He smiles thinly, and I doubt he believes that we will, or that Jones’ murder will even matter to me when I find Ollie and out out of Thailand.
“Be careful,” he whispers, his eyes glistening in the bright light of the hotel room. I nod, my throat swollen and aching. I never expected to make a friend in this strange place.
Nong is, again, a different person. Gone is the sensual bar girl or the tired woman from yesterday. She’s wearing green fatigues and combat boots, her hair left long and loose. Her face is hard and she barely glances at the baby. Just before we leave the hotel, she says something to Sonchai, who simply nods. Then we get into a waiting taxi and ride in silence through the city. It takes us about three hours to cross Bangkok, and as we go I listen to Barbara run status reports on the weather near the Cambodian border and give a breakdown on Khmer activity in the area over the last twenty years. It’s a gruesome subject, but her voice is more comforting than I can say. I don’t talk to Babs much, a little wary of Nong’s presence in the cab. Her English is much better than I’ve suspected, and I don’t trust her.
We reach the outskirts of the city, the taxi heading uphill into the mountains. There is a dirt road worn into ruts by the passing of oxen-pulled carts, and the ride is bumpy. Another fifteen minutes and the driver brings the cab to a stop. Nong leaps out of the car and I pay the driver, who slowly backs down the way we came. He’s jumpy and doesn’t even bother to turn the car around.

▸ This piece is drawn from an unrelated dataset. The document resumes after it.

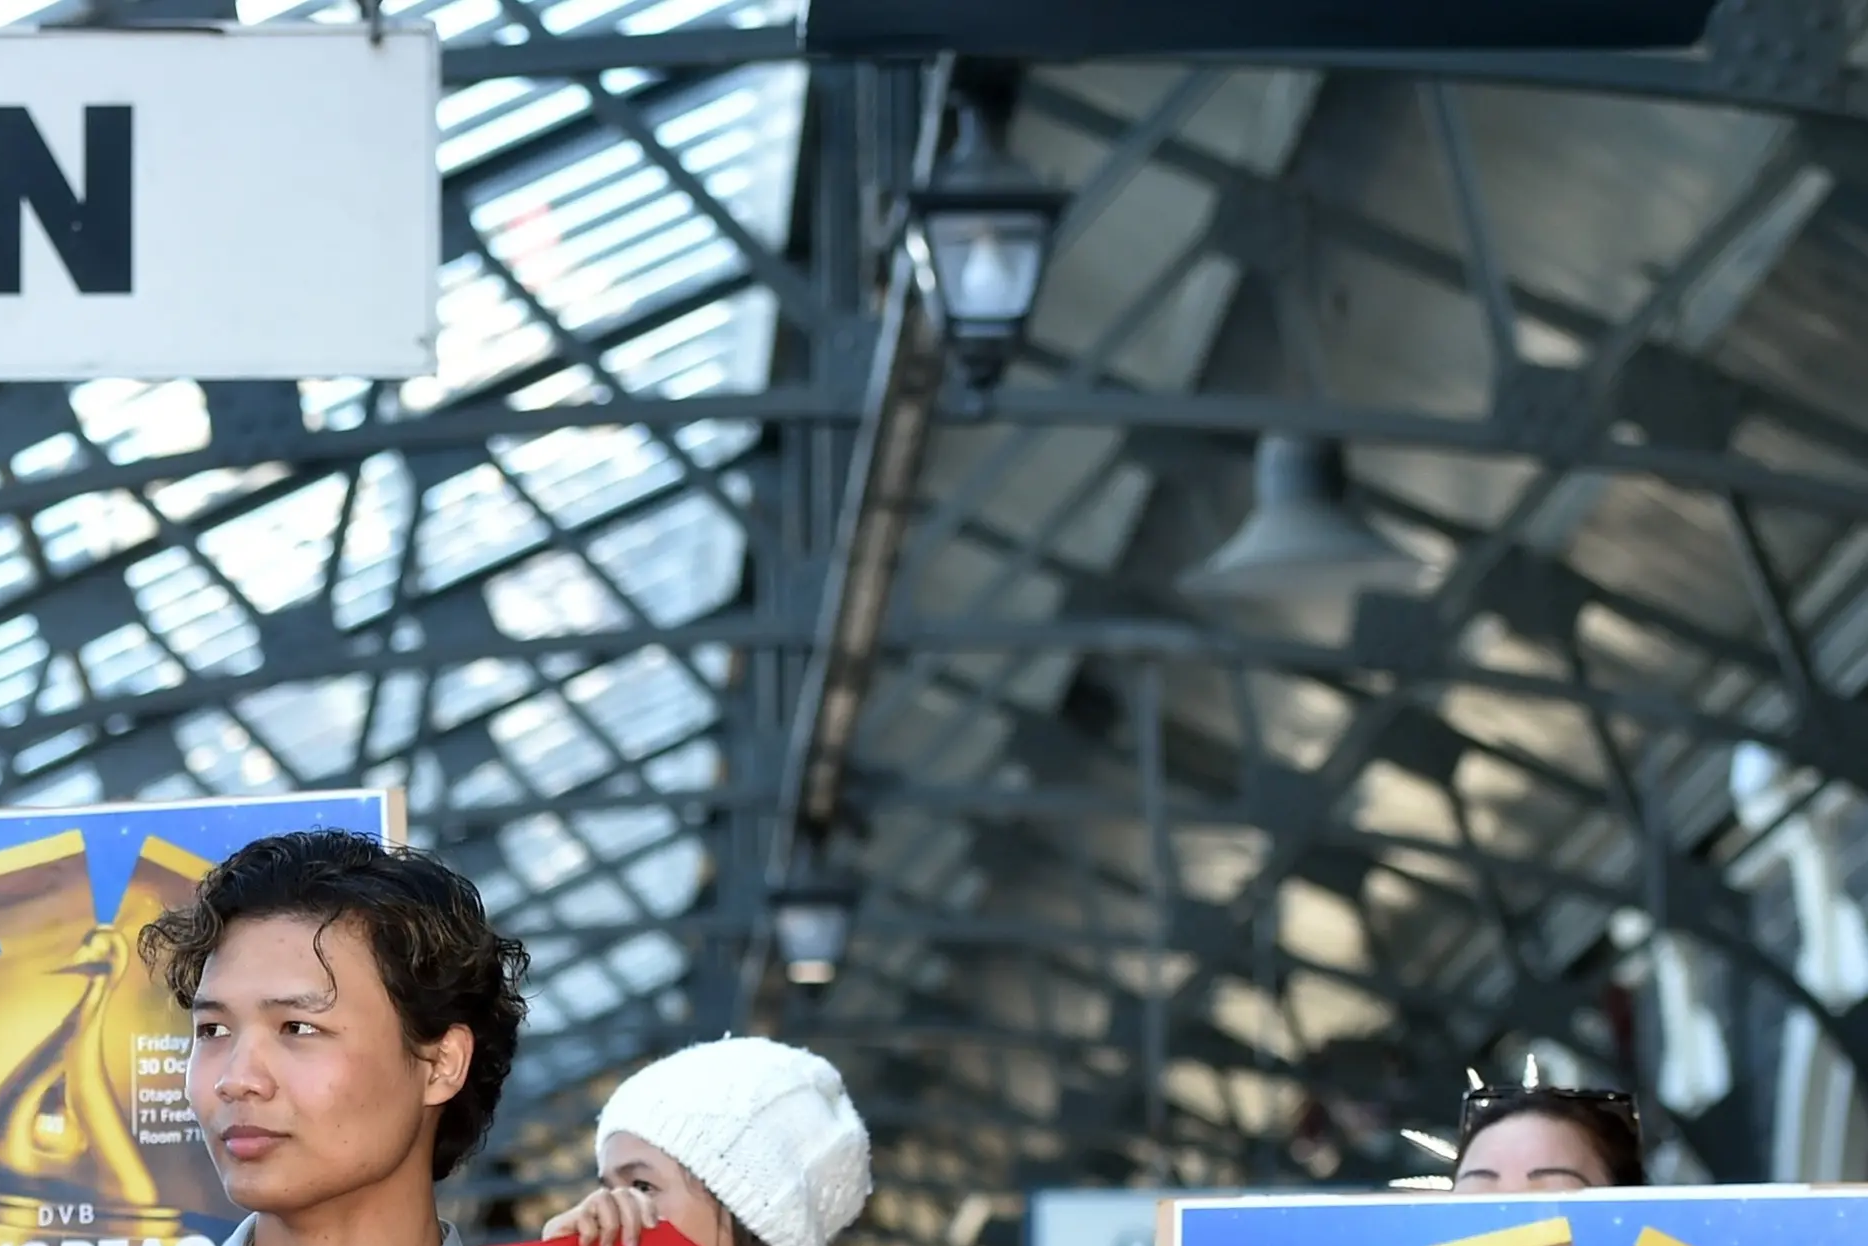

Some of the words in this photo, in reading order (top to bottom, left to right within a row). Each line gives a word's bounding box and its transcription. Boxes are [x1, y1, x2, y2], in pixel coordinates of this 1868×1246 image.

We stand in the silence of the road cut into the jungle and I look up at the night sky, visible for the first time since I came to Southeast Asia. Bangkok glimmers in the distance, a thousand points of light obscured by the smog rising from the city. I recognize Bang Kwan with its neon hideousness, and the darkness of the Suma River which flows like a black scar through the city. I wonder if this will be the last image I’ll ever have of Bangkok, or of civilization itself.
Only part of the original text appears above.